‘Yellowjackets’ Season 2, Episode 7 recap: Caligula and the angry punch

A queer icon’s guest appearance and some of the series’ darkest moments spell a stand-out episode of “Yellowjackets”

Yellowjackets is a show that lives and dies in contrasts, and how it delicately balances the two. For every moment of “there’s no book club?!” or Misty singing show tunes, there’s also the darkness of eating your best friend like barbeque or Misty maybe kind of sort of killing Crystal/Kristen. 

Threading that needle can be challenging, and the show isn’t always perfect at it. But when it works, it works.

Enter “Burial,” a standout episode for the series in how it delivers both unbelievable hilarity via that Caligula dream sequence, alongside some of the series’ most visually and emotionally brutal confrontations. Nowhere else can you get John Cameron Mitchell in bird drag along with an extended and bloody fight scene, teen girls musing about eating their friend and Melanie Lynskey holding a goat. I love it! And with only two episodes remaining in this season, I will miss Yellowjackets when it’s gone. 

We open on a sombre note, as Nirvana’s “Something in the Way” scores the cabin’s depression following the loss of Shauna’s baby. As the rest of the team gets a small spark when the snow finally stops and they’re able to leave the cabin, Shauna still clutches the bundle of blankets, giving the baby the eponymous burial in a small stone cairn outside.

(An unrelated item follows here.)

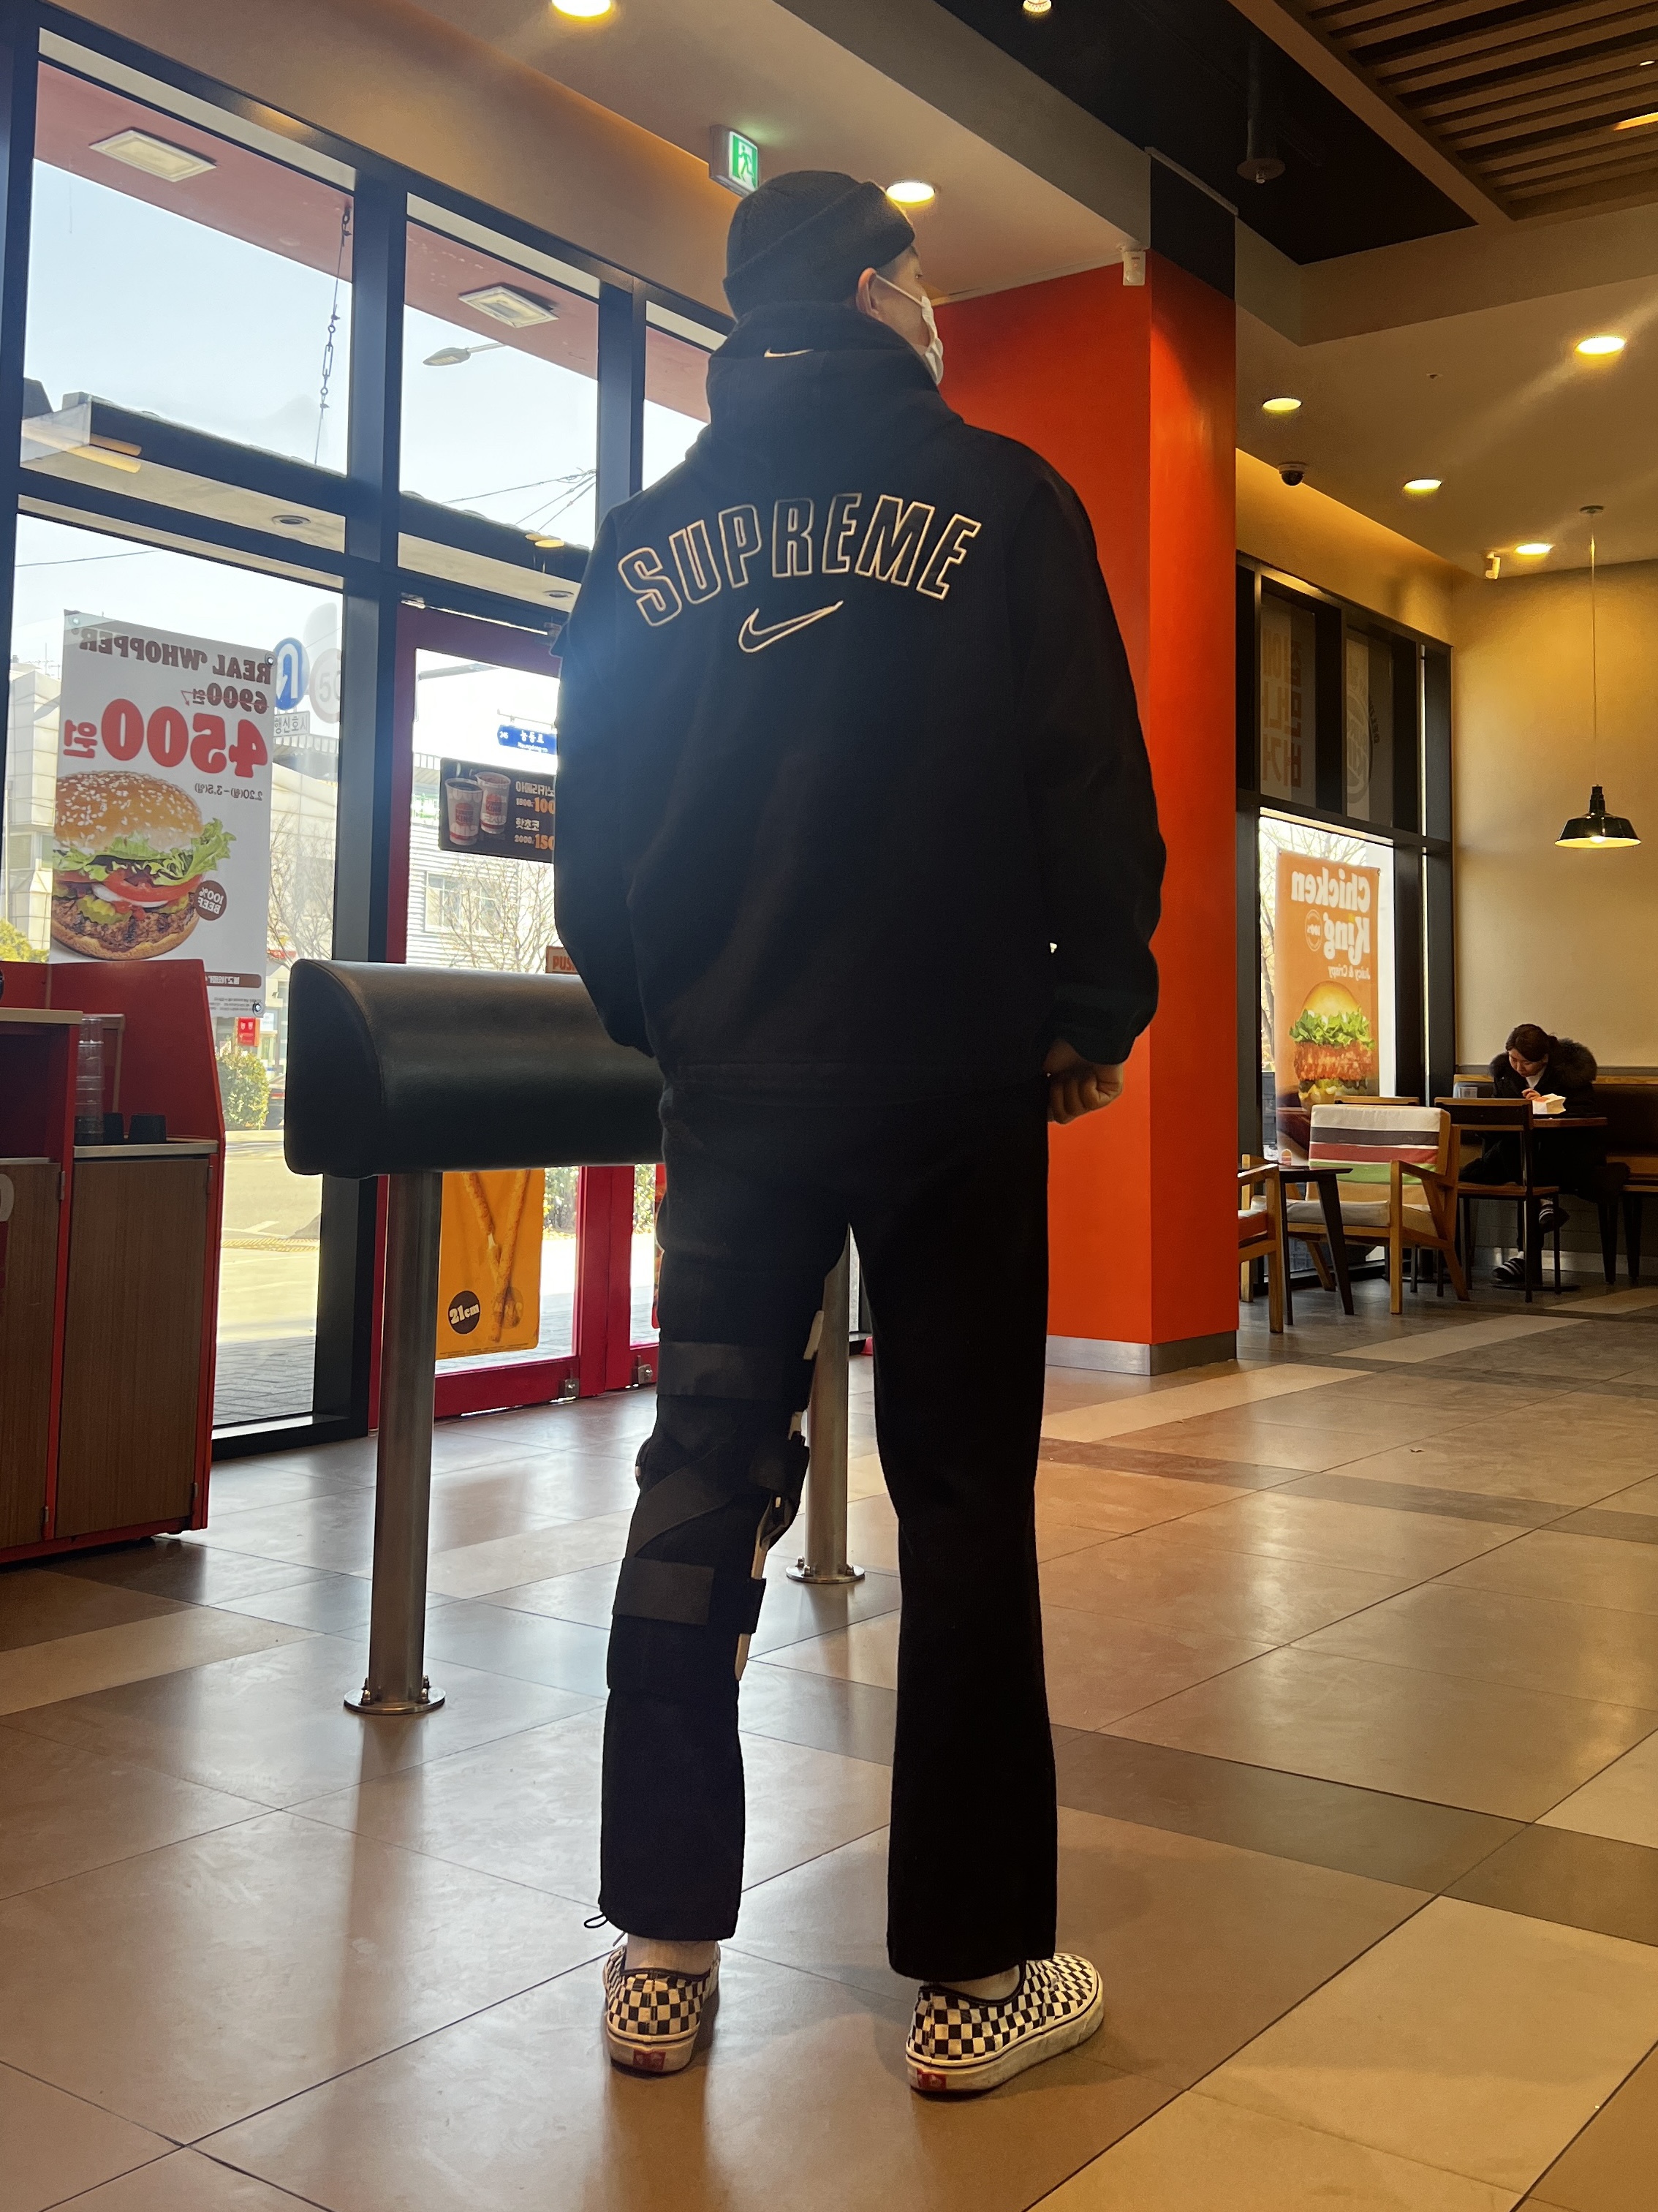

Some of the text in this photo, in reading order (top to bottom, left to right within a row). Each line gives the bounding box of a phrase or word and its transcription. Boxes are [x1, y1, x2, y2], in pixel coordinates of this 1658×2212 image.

Shauna’s trauma around parenthood continues as a theme in the present day, as newly arrived at Lottie’s community, the reunited adult survivors each break off for their own “therapy.” Van is given “Foraging”—where she swiftly opts out and goes to “forage” a bottle of tequila. Taissa’s task of “Renewal” involves painting a building with a small brush. Misty’s is “Guidance,” which involves a trip to a float tank (more on that in a bit). And Shauna gets “Self-Care,” where she’s instructed to watch a goat named Bruce for the whole day.

All of these Ben flashbacks have to mean something, right?

Credit: Courtesy Showtime

It certainly says something about Shauna that her first assumption is she’ll have to kill the goat at the end of it. And when the goat briefly eats a piece of rope, she panics, saying, “It is one thing if I stab this goat later, but there is no way it’s dying while I’m watching it,” which certainly reveals some of her anxieties.

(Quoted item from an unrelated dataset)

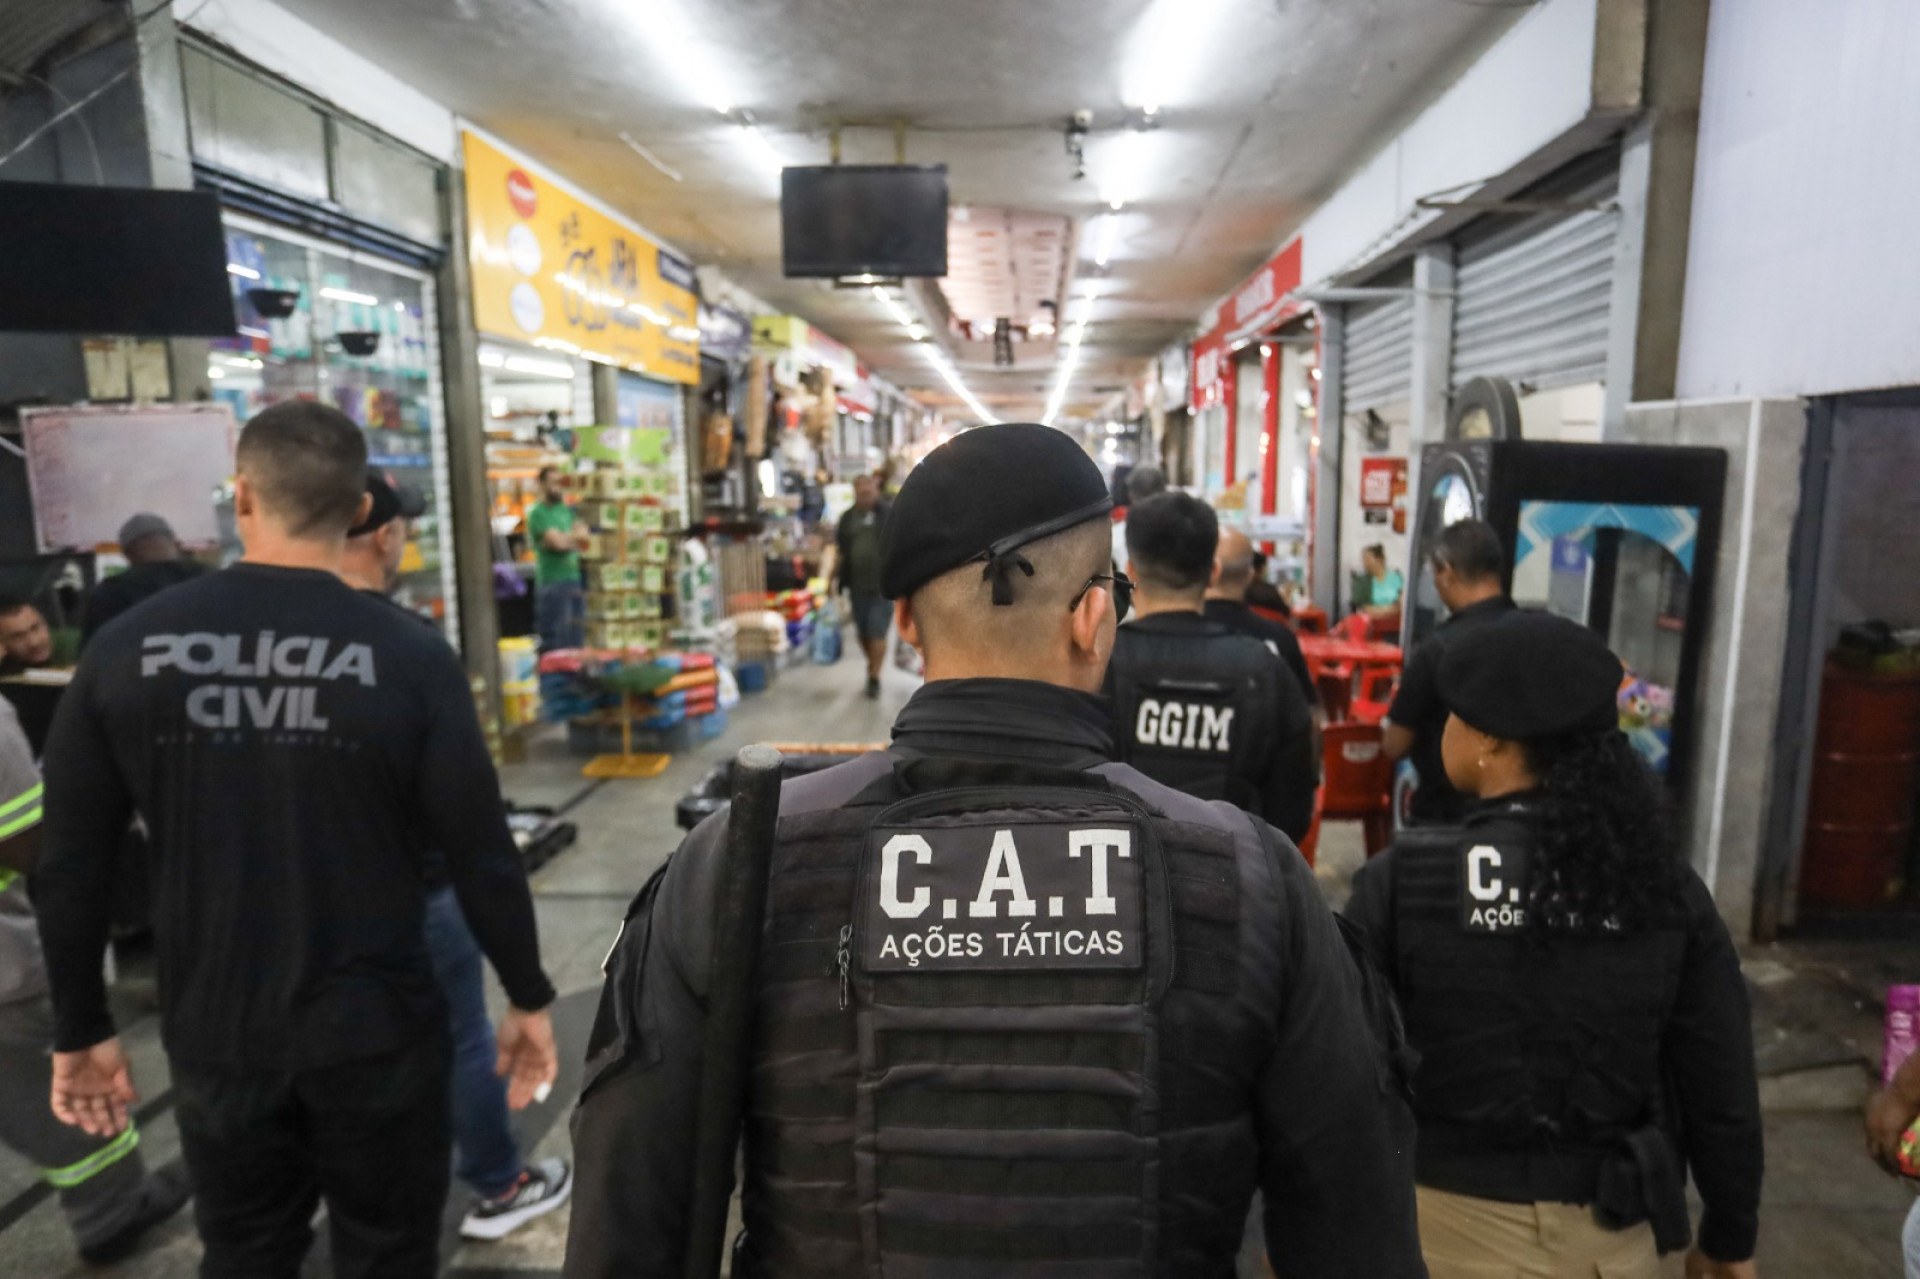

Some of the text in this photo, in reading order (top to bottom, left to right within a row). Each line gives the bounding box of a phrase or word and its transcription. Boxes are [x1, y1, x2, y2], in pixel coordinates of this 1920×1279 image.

When Lottie confirms that Shauna won’t have to kill the goat, she breaks down and opens up in yet another stellar moment for Melanie Lynskey. She says she’s kept Callie at arm’s length out of a fear that she might die or she “was never real to begin with” and just … oof. Now knowing what happened with the baby, that hits hard.

 

Elsewhere, Misty is squicked about going into the sensory deprivation tank and from what we’ve learned about Misty’s mind, I can’t blame her. But when she does finally get in, we’re treated to one of Yellowjackets’ most surprising and delightful sequences yet—a peek inside of Misty’s mind. There, Hedwig and the Angry Inch’s John Cameron Mitchell sings as Caligula, alongside a top-hat-glad Walter (Elijah Wood). Christina Ricci’s performance of Misty’s bewilderment and wonder is top-notch, as she spins, dances and twirls alongside images of the plane’s black box and needles full of drugs. 

When Misty questions her decisions and impulses, Caligula reassures her: “You’re looking at the floor when you should look at the magic. How much do we all count on you? How many times did you get the ball over the goal line?”

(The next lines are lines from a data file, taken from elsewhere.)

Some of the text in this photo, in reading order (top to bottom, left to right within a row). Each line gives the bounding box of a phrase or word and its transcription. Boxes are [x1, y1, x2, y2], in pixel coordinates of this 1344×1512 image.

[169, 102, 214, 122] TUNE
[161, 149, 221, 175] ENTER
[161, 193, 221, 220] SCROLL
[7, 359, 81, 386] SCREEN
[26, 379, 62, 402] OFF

“You are not a murderer, Misty, you’re a closer.” And reassured in that contrast, Misty exits the tank with new energy, calling Walter in an attempt to apologize. 

An appearance by the iconic John Cameron Mitchell is an episode highlight.

Credit: Courtesy Showtime

Back in the ’90s storyline, Misty is tested as the team sets out to search for Crystal/Kristen, and starts to doubt that she wasn’t involved in the other girl’s disappearance. Samantha Hanratty does some great work as Misty falsely chokes out tears and her emotional commitment to finding the other girl, trying to prove to a skeptical Mari and Akilah that she’s terrified of finding the other girl frozen with “a little song frozen in her throat.” Do they believe her? Not really, but they agree to splitting up and Misty frantically returns to the site of the fall.

She doesn’t find the body there, but rather Coach Ben, on the verge of throwing himself off the cliff. I wrote last week about my mixed feelings about Ben’s flashbacks and the static transitions, but colour me intrigued by the turn they take this week, where Paul seems to speak directly to Ben, saying, “What matters now is that you aren’t welcome here anymore—it’s time.” Is it just a depression/trauma-fuelled vision, or something more? I’m certainly curious, and willing to entertain more.

Regardless of what it means, it drives Ben to finally shave before hobbling to the cliff’s edge. After he asks Misty to just “push” him off, something stirs in her and she starts to threaten him. “If you kill yourself right now, we will eat you. I will savour every moment of it, especially your high-calorie butt meat,” she says. She threatens to “tell the world” about their love story, and to posthumously accuse Ben of trying to assault all of the girls, and of impregnating Shauna. And, most heavily, she threatens to out him. None of this seems to sway him, until she softly says that she can’t have another death on her hands, and he steps back. Still, I feel Ben is not long for this world: beyond the ominous looks post-Jackie feast earlier this season, and the fact that he isn’t present in the current day, it’s clear that he would have the hardest time returning to the real world. It’s one thing to be a plane crash survivor who ate your teammate: it’s another to be the adult who let it happen.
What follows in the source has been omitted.